Katharine Hopkins Chapman (Hopkins; pen name, Katharine Hope; March 4, 1870/72/73 - May 21, 1930) was an author and historian of the American South. Born in Selma, transplanted to the booming time of Anniston in its infancy, grafted by marriage into the crude conditions of Bessemer's early days, a frequent visitor to Mobile and Montgomery, Chapman was well equipped to delineate Alabama characters and scenes, and in her stories she depicted life among the well-to-do American Southern people, her first writings being signed "Katharine Hope" in deference for her father's scruples against a woman's name appearing in print except at her marriage or death. By 1921, she had published 89 short stories in leading magazines. A short memoir appeared in The Editor in 1913.

==Early life and education==
Katharine (nickname, "Katie") Glass Hopkins was born March 4, 1870, or 1872, 1873, in Selma, Dallas County, Alabama.
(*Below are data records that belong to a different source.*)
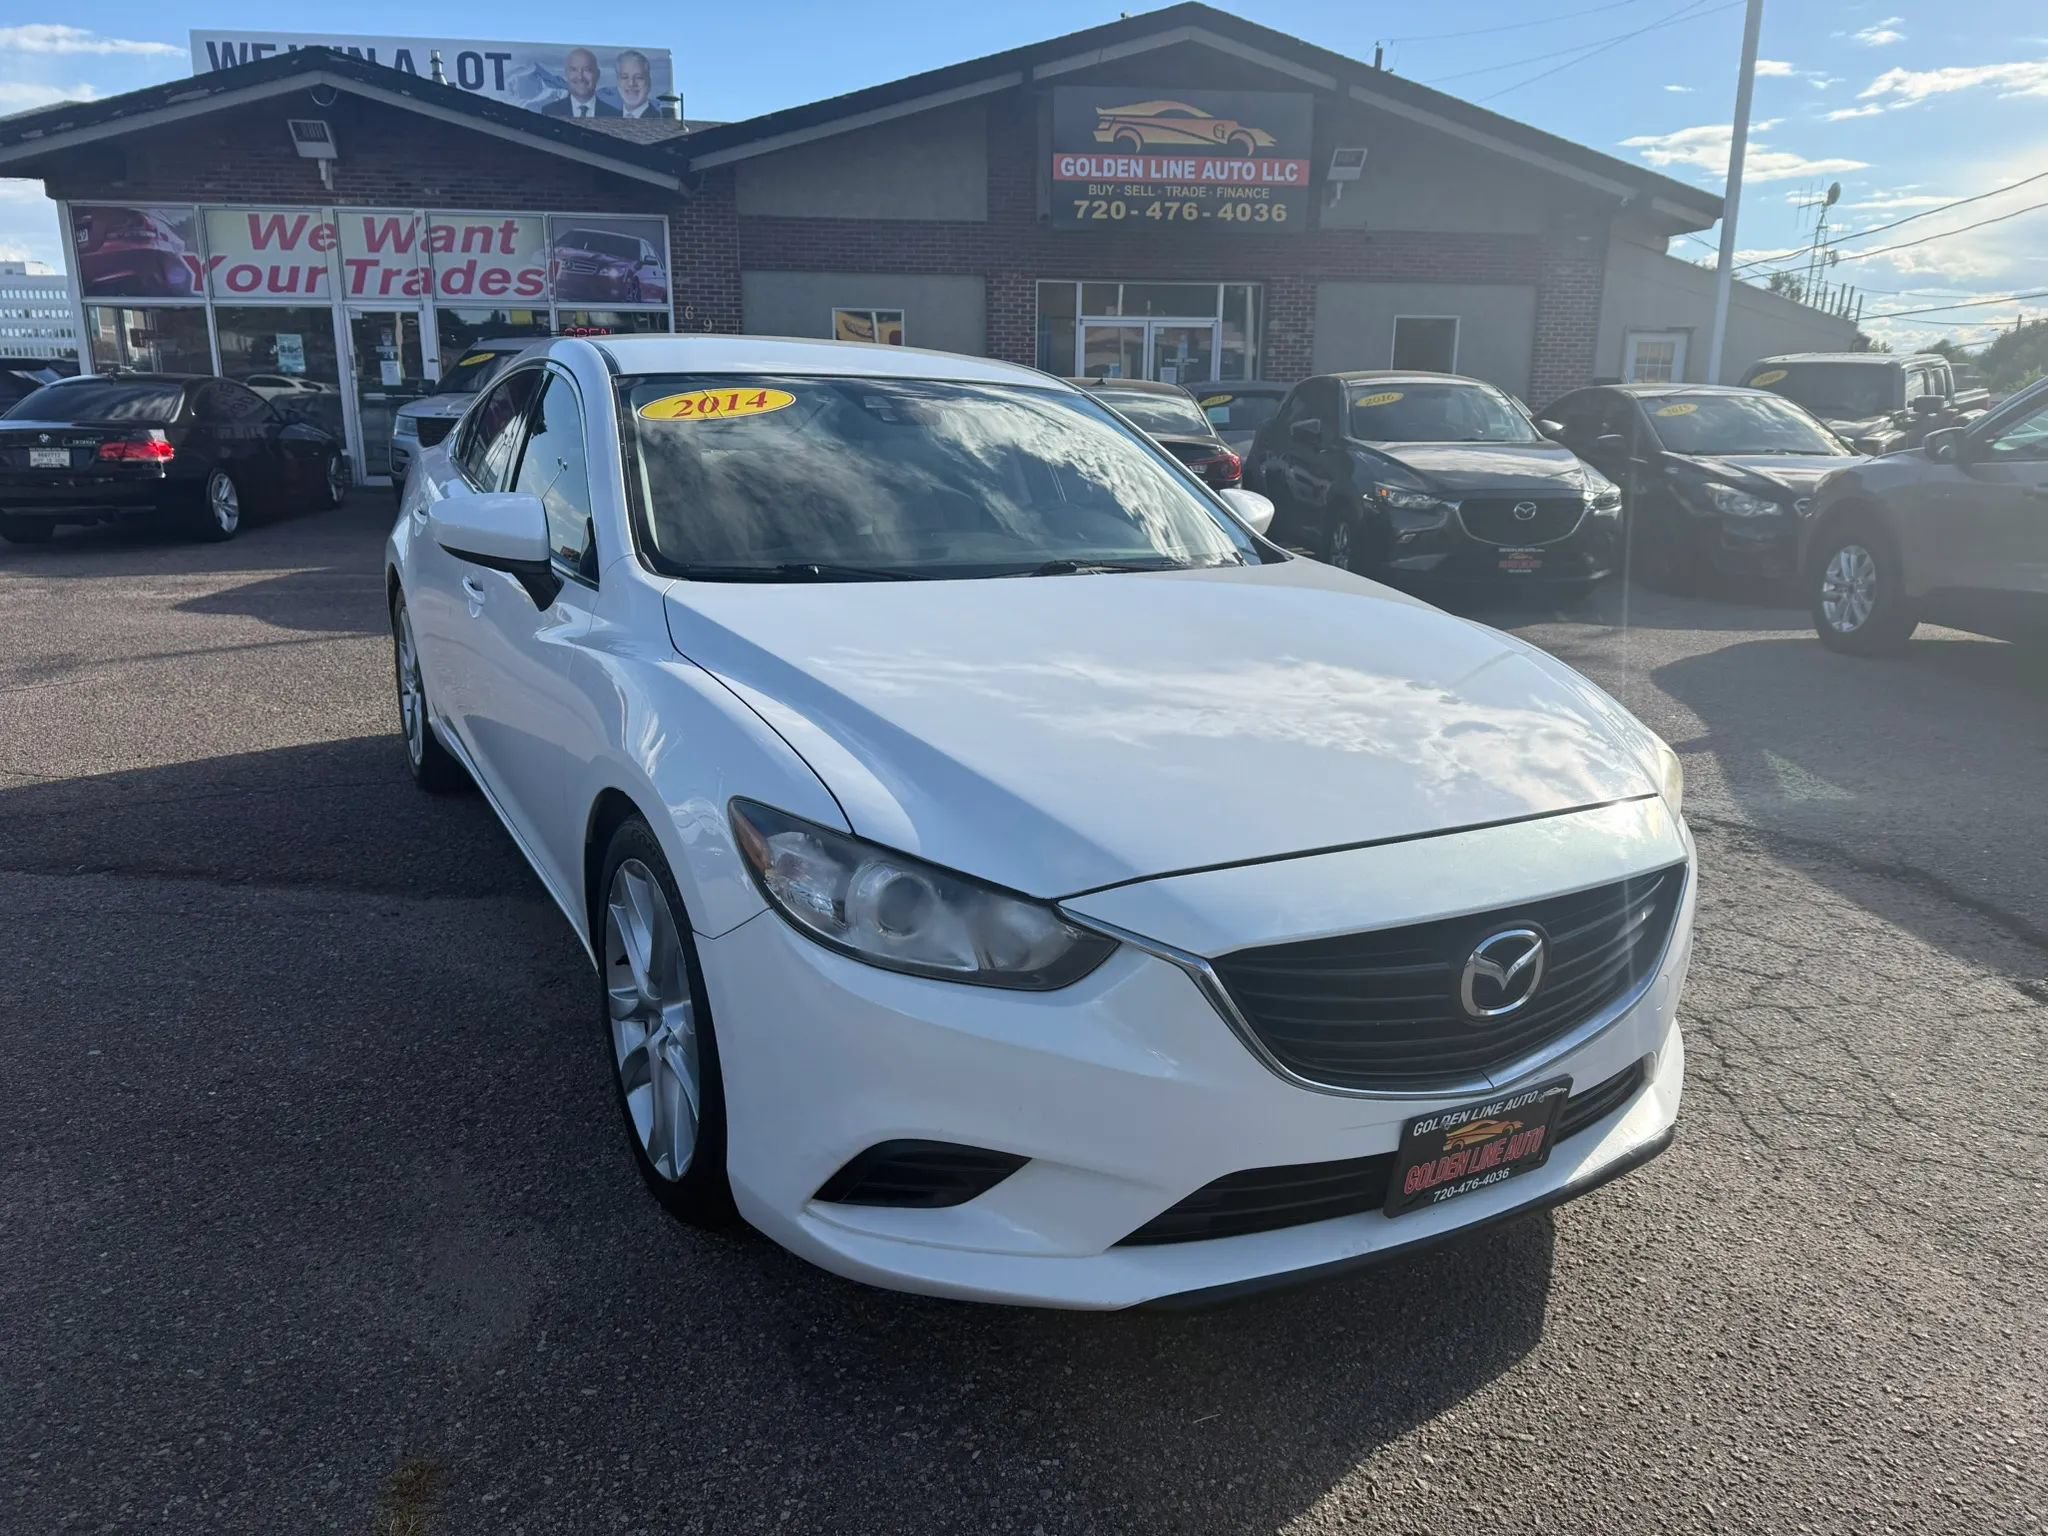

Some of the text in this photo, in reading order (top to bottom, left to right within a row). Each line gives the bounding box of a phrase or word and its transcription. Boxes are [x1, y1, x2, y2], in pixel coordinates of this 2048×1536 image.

[448, 50, 512, 91] OT
[1060, 157, 1299, 182] GOLDEN LINE AUTO LLC
[1088, 184, 1271, 199] BUY SELL TRADE FINANCE
[247, 213, 519, 255] We Want
[182, 254, 561, 296] Your Trades!
[671, 390, 768, 418] 2014
[1413, 1090, 1539, 1137] GOLDEN LINE AUTO
[1403, 1124, 1546, 1195] GOLDEN LINE AUTO
[1433, 1167, 1511, 1203] 720-476-4036
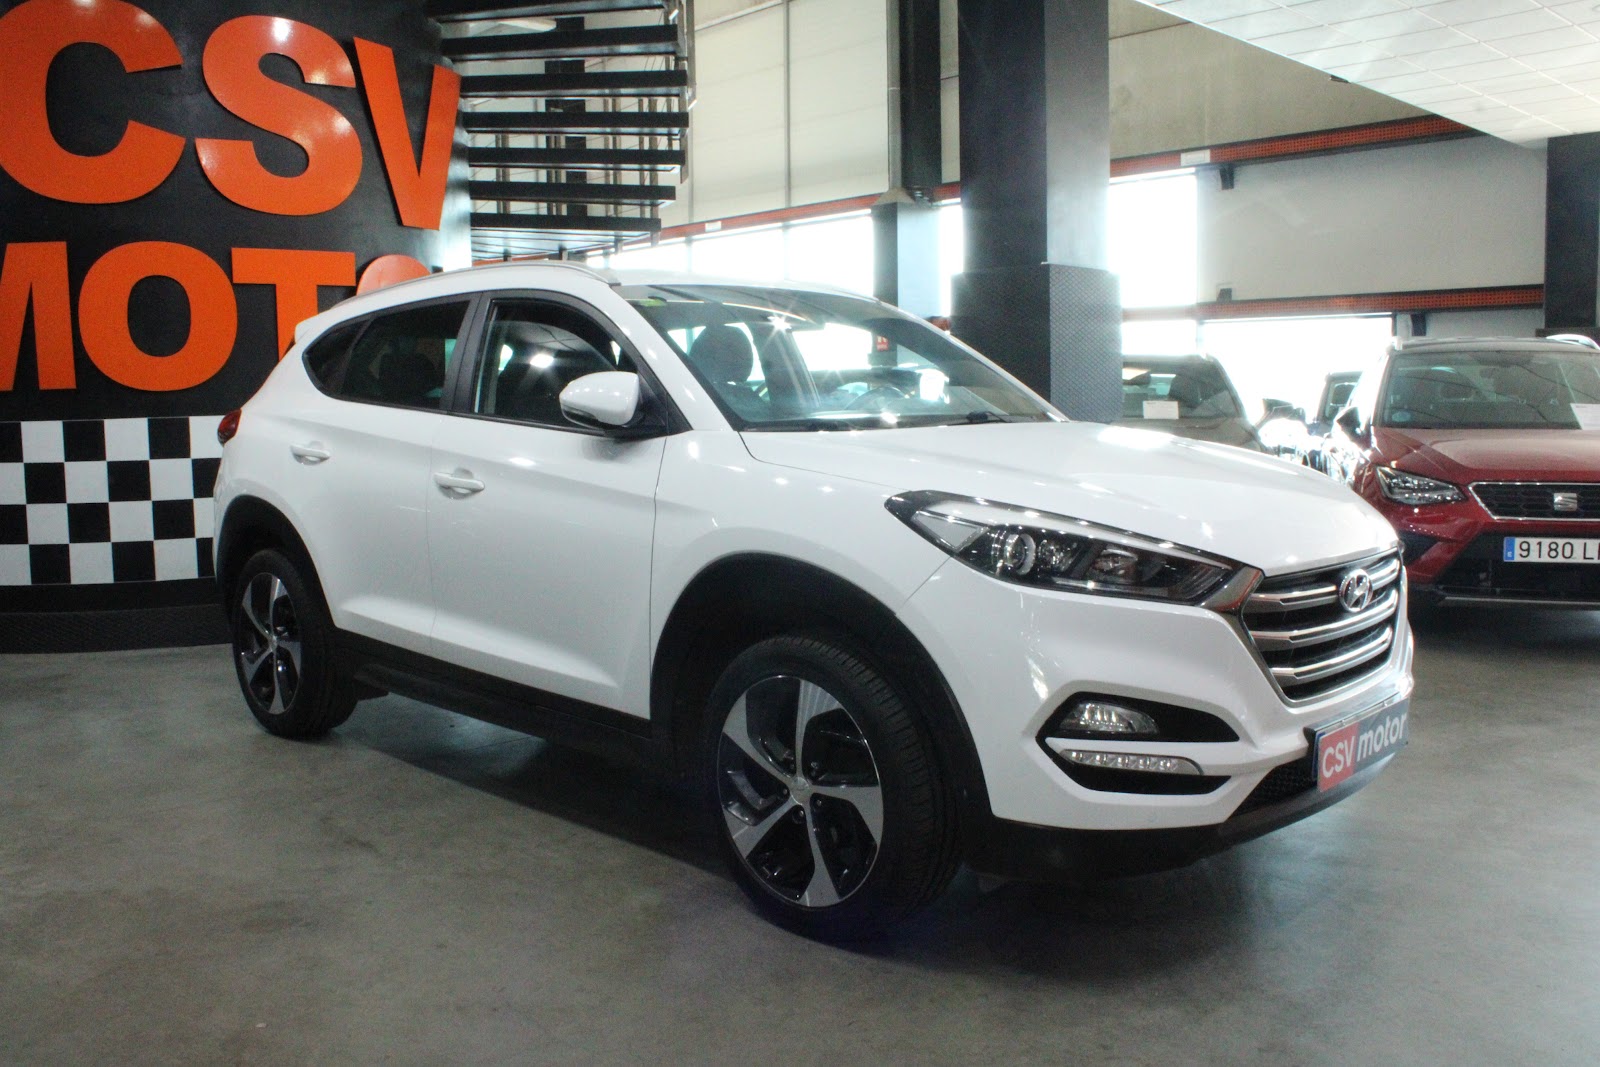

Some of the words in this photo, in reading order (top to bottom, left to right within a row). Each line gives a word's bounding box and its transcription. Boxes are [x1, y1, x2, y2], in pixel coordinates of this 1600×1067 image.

Her parents were Thomas Holmes and Mary Elizabeth (Glass) Hopkins, the former a native of Danville, Virginia, and later a resident of Anniston, having taken an active interest in that city's progress since its inception in 1880. In 1859, he removed to Uniontown, Alabama and enlisted as a private in the Canebrake Rifle Guard, Company D. Fourth Alabama regiment, serving until General Robert E. Lee's surrender. He was a son of Reuben and Julia Augusta (Holmes) Hopkins, of Danville, Virginia, where Reuben Hopkins engaged in the banking business and also owned an extensive tobacco plantation nearby. His second wife, Julia A. Holmes, was a school teacher from New England, a representative of the same family as Oliver Wendell Holmes. Her abolition principles made slaveholding unpleasant for the family and eventually Reuben Hopkins sacrificed his tobacco lands and slaves and moved west, being tendered a public banquet and silver service on his departure. He settled in Iowa in 1857 and purchased land where Dubuque now stands but died suddenly before his titles were validated. Chapman's maternal grandparents were Benjamin Alexander and Catharine (Morrison) Glass, who owned and occupied a plantation 6 miles from Selma, near the Valley Creek Presbyterian church, both belonging to North Carolina families who came to Alabama territory about 1816. The colony were Scotch Presbyterians and erected the first brick church in this state. Mr. Glass gave the land on which it is located and contributed liberally to its erection. He was a ruling elder of the church, a planter and philanthropist. The Alexanders, Morrisons and Hopkinses were all descended from signers of the Declaration of Independence and also the Mecklenburg Declaration.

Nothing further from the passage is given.